PROMPT: Everything in the records below from the line containing "this 1365×1536 image." through the line containing "this 1717×1288 image." is to be reproduced exactly, those two lines included; no picture is to be copied.

DATA RECORDS:
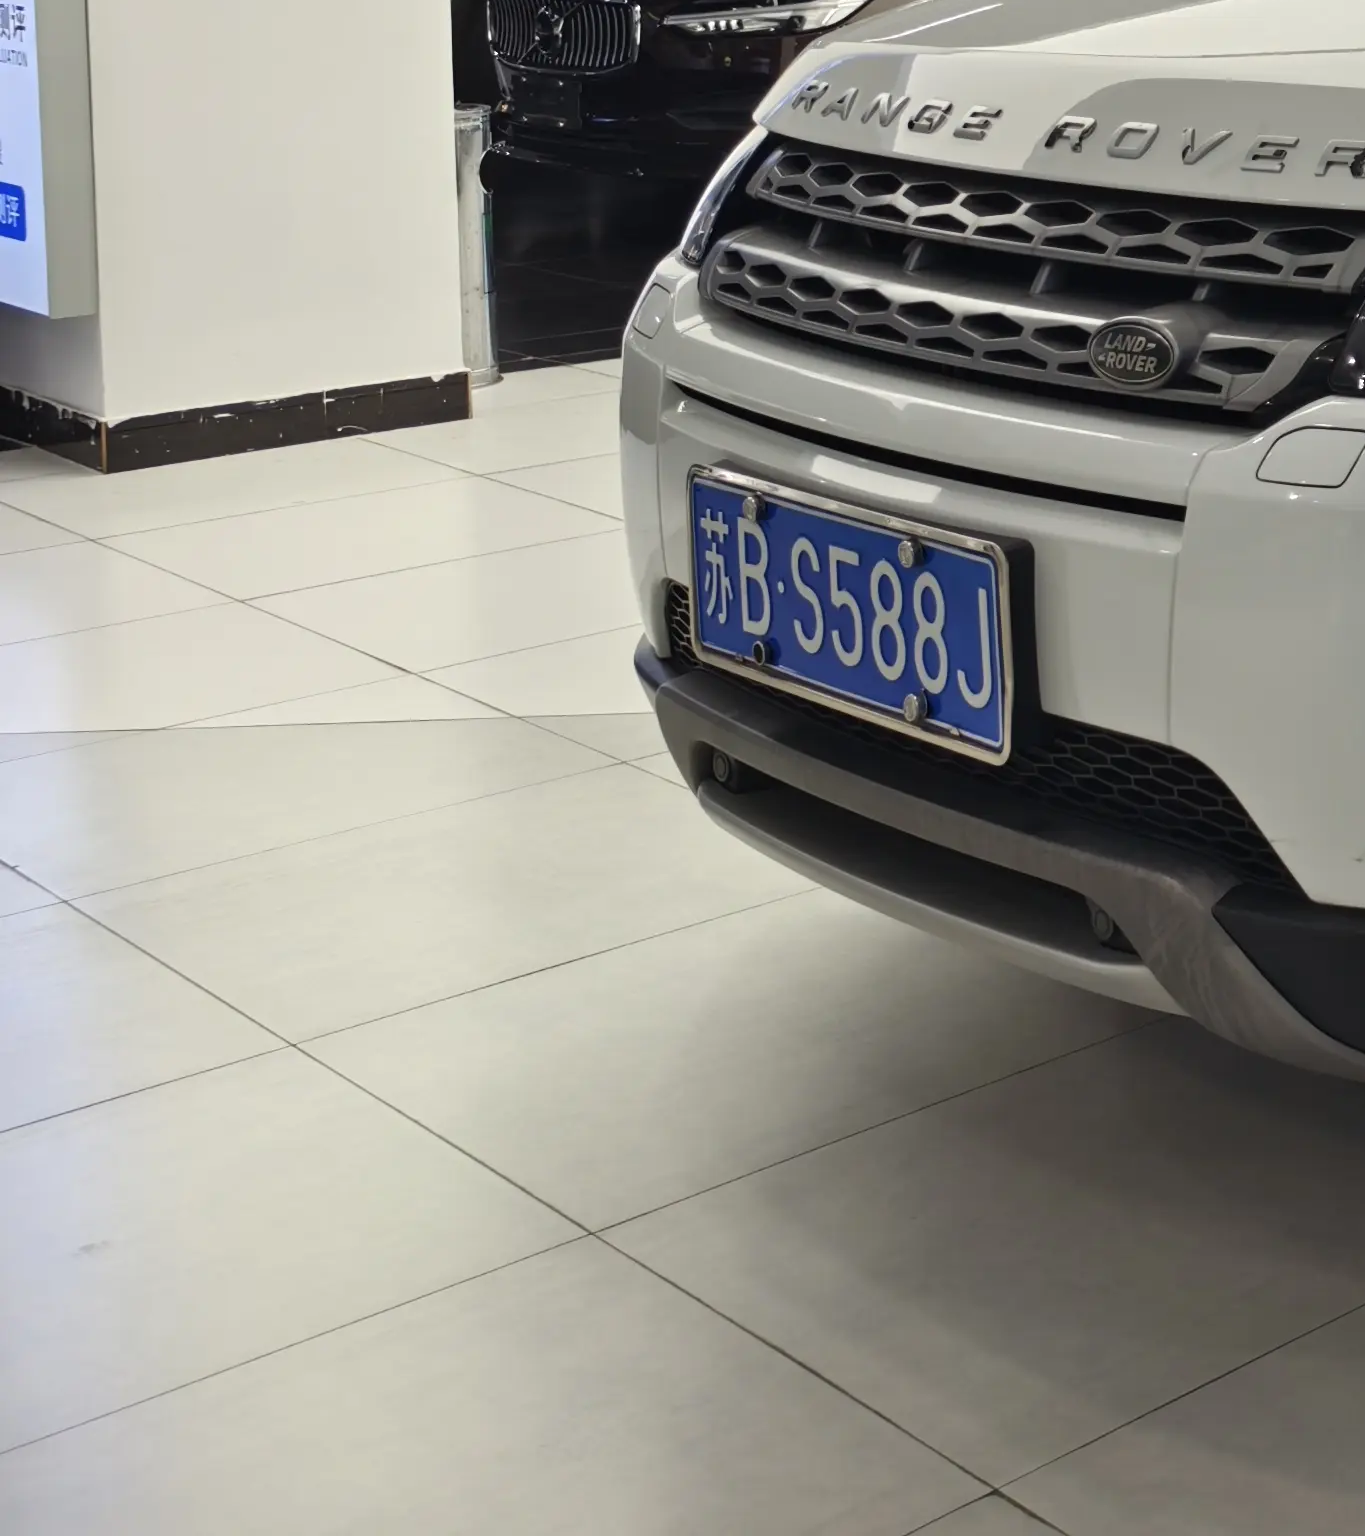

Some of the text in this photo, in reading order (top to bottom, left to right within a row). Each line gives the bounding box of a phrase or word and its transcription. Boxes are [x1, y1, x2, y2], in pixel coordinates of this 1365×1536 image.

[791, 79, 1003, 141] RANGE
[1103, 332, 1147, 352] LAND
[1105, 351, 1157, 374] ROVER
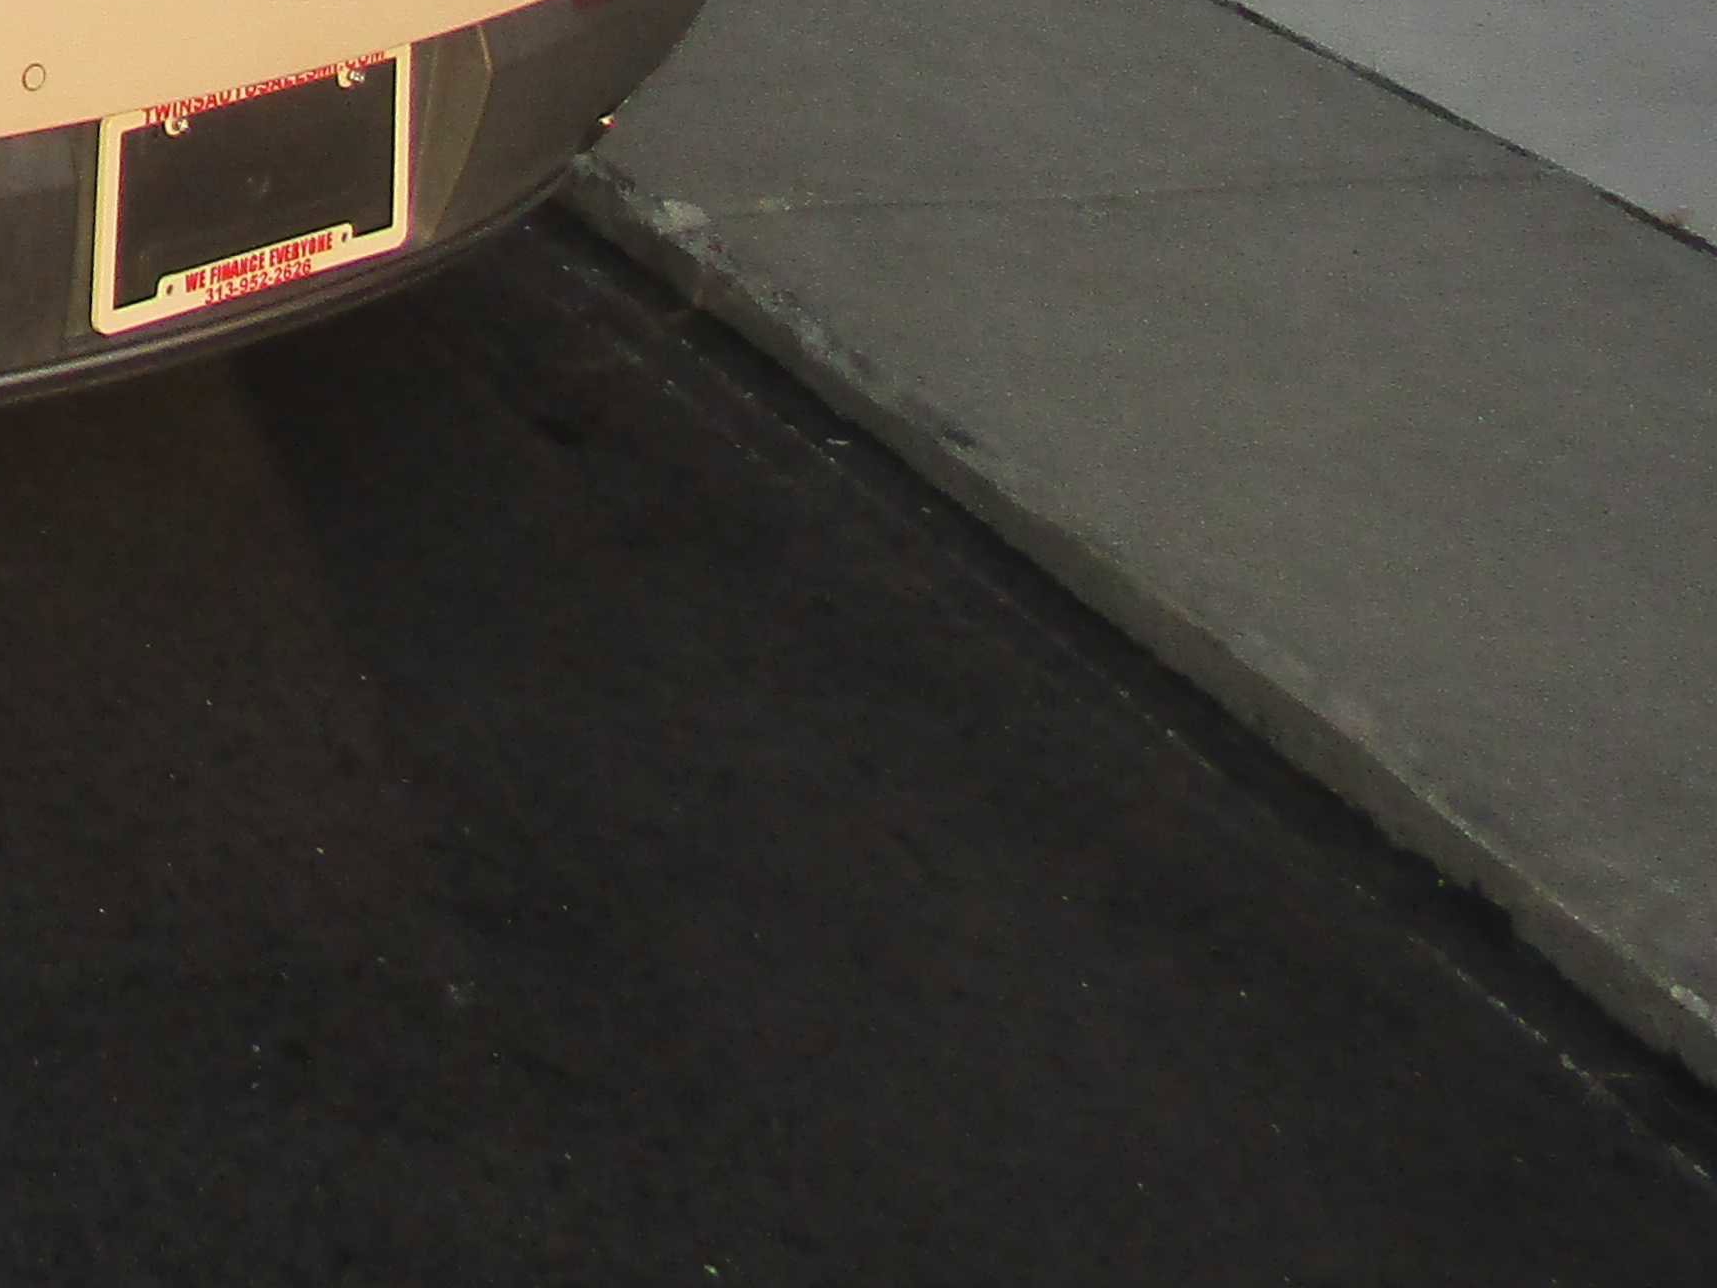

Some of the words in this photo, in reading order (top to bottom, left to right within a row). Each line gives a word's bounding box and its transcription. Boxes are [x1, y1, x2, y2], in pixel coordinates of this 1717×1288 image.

...

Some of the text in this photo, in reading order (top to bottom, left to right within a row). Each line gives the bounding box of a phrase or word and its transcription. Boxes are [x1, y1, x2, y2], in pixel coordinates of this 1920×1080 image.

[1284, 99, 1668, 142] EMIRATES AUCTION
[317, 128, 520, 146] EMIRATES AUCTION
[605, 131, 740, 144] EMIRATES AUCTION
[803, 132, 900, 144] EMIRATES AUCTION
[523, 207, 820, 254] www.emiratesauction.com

...

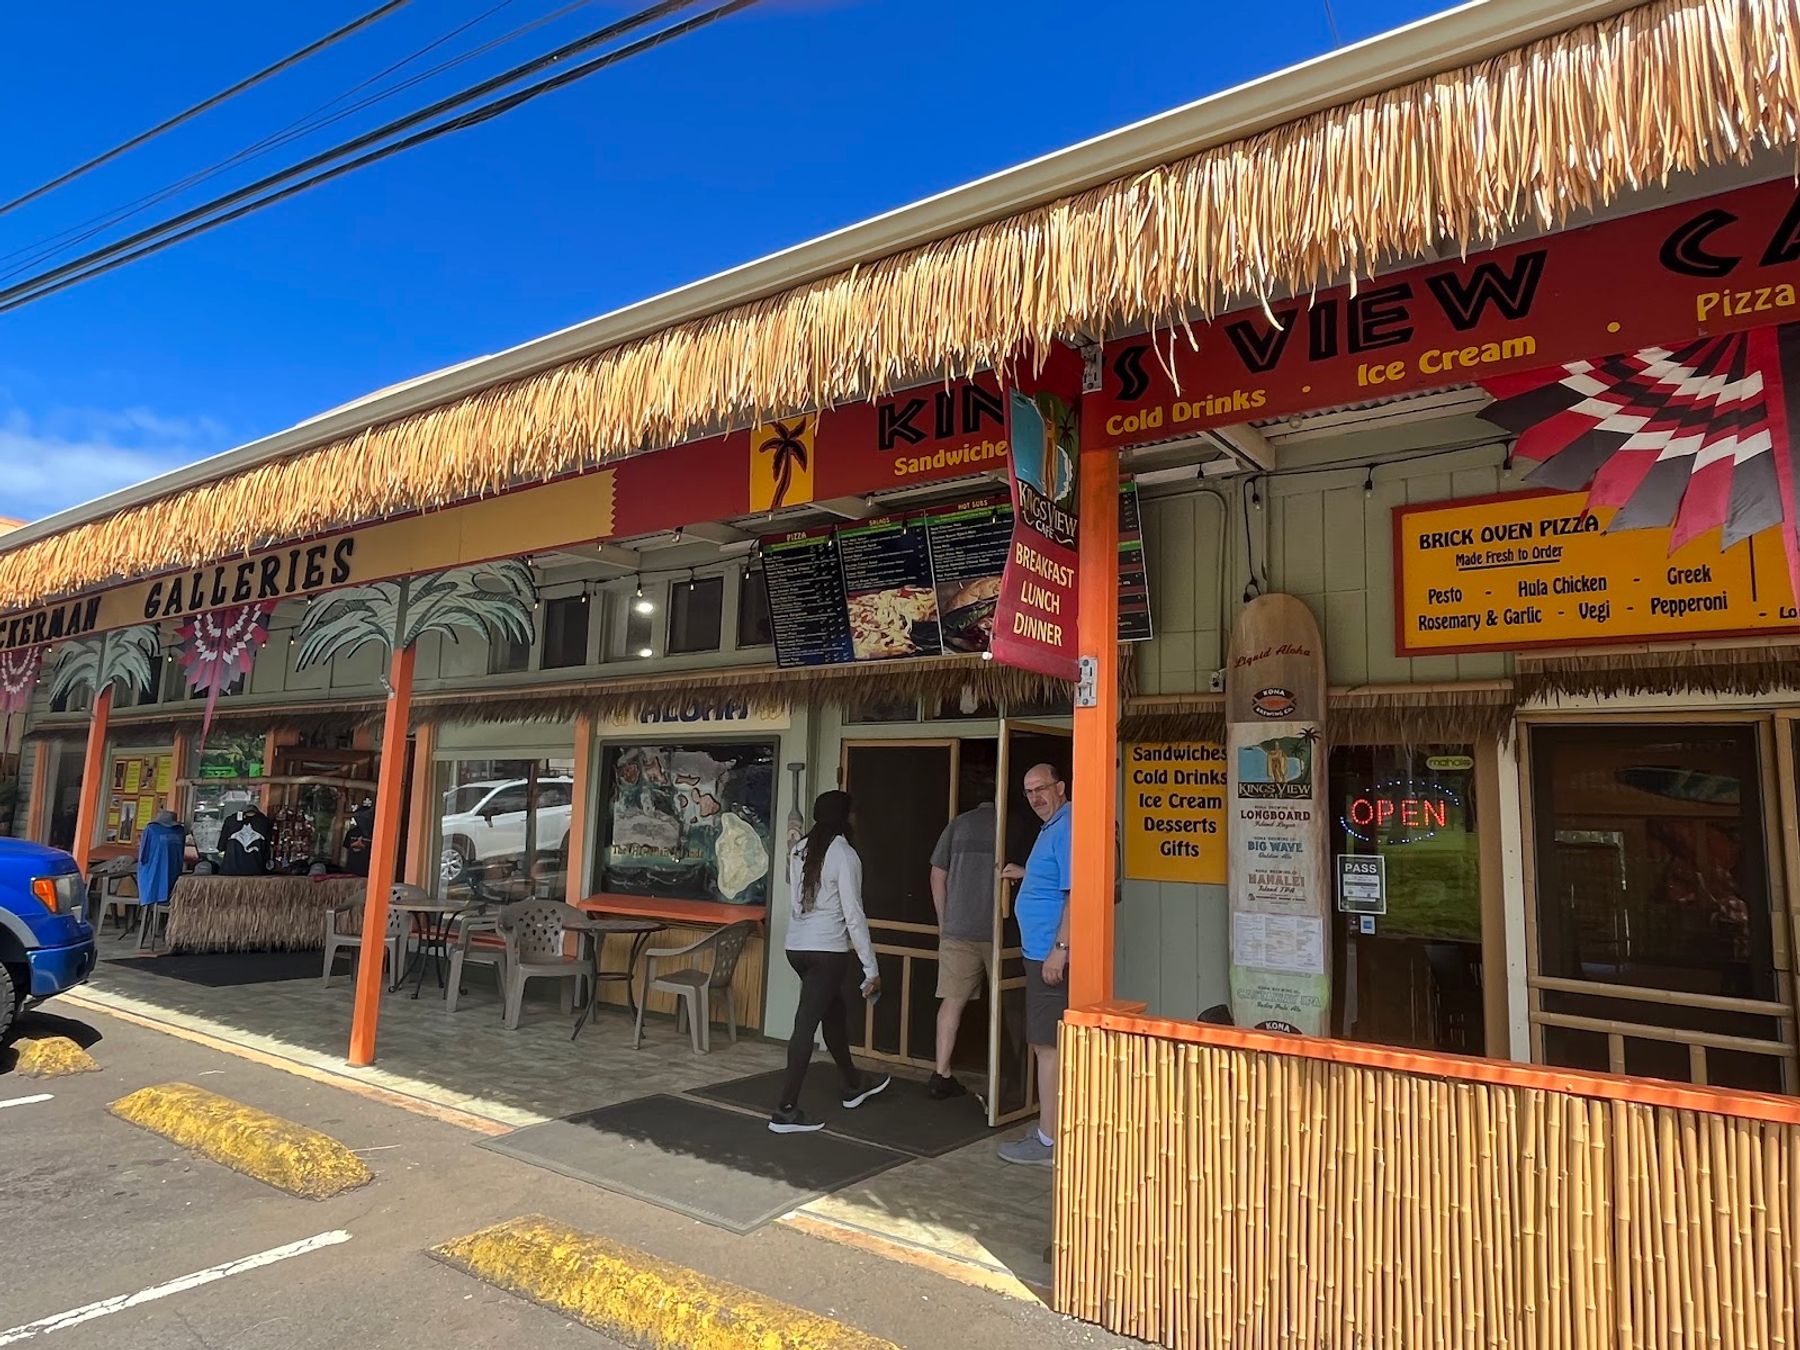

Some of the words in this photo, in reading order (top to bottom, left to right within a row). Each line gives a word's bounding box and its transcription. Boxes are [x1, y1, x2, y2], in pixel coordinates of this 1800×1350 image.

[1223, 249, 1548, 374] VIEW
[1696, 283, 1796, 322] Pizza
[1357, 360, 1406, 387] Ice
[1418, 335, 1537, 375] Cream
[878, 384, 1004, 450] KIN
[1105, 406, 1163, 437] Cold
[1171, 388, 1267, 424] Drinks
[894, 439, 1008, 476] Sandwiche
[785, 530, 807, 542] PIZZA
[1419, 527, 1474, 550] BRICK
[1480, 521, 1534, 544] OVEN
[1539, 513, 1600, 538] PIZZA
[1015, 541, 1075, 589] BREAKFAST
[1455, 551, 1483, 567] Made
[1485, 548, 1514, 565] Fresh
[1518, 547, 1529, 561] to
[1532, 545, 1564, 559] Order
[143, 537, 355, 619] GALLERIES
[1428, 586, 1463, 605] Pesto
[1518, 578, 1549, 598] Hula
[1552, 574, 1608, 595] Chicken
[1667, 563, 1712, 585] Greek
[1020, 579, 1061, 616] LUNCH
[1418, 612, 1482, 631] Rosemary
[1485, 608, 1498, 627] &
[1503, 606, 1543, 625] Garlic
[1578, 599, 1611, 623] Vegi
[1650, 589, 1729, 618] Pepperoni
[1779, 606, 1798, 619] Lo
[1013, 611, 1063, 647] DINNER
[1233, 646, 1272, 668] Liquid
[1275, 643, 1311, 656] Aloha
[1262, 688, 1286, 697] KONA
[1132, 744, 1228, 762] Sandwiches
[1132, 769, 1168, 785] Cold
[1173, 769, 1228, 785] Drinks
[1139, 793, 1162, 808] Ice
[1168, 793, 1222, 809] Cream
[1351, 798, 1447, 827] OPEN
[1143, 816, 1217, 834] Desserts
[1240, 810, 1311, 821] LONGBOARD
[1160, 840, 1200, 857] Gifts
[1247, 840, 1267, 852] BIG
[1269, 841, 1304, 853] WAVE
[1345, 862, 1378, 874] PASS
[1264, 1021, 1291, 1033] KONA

EXPECTED OUTPUT:
Some of the text in this photo, in reading order (top to bottom, left to right within a row). Each line gives the bounding box of a phrase or word and its transcription. Boxes are [x1, y1, x2, y2], in pixel coordinates of this 1365×1536 image.

[791, 79, 1003, 141] RANGE
[1103, 332, 1147, 352] LAND
[1105, 351, 1157, 374] ROVER

Some of the words in this photo, in reading order (top to bottom, left to right within a row). Each line gives a word's bounding box and its transcription. Boxes are [x1, y1, x2, y2], in pixel coordinates of this 1717×1288 image.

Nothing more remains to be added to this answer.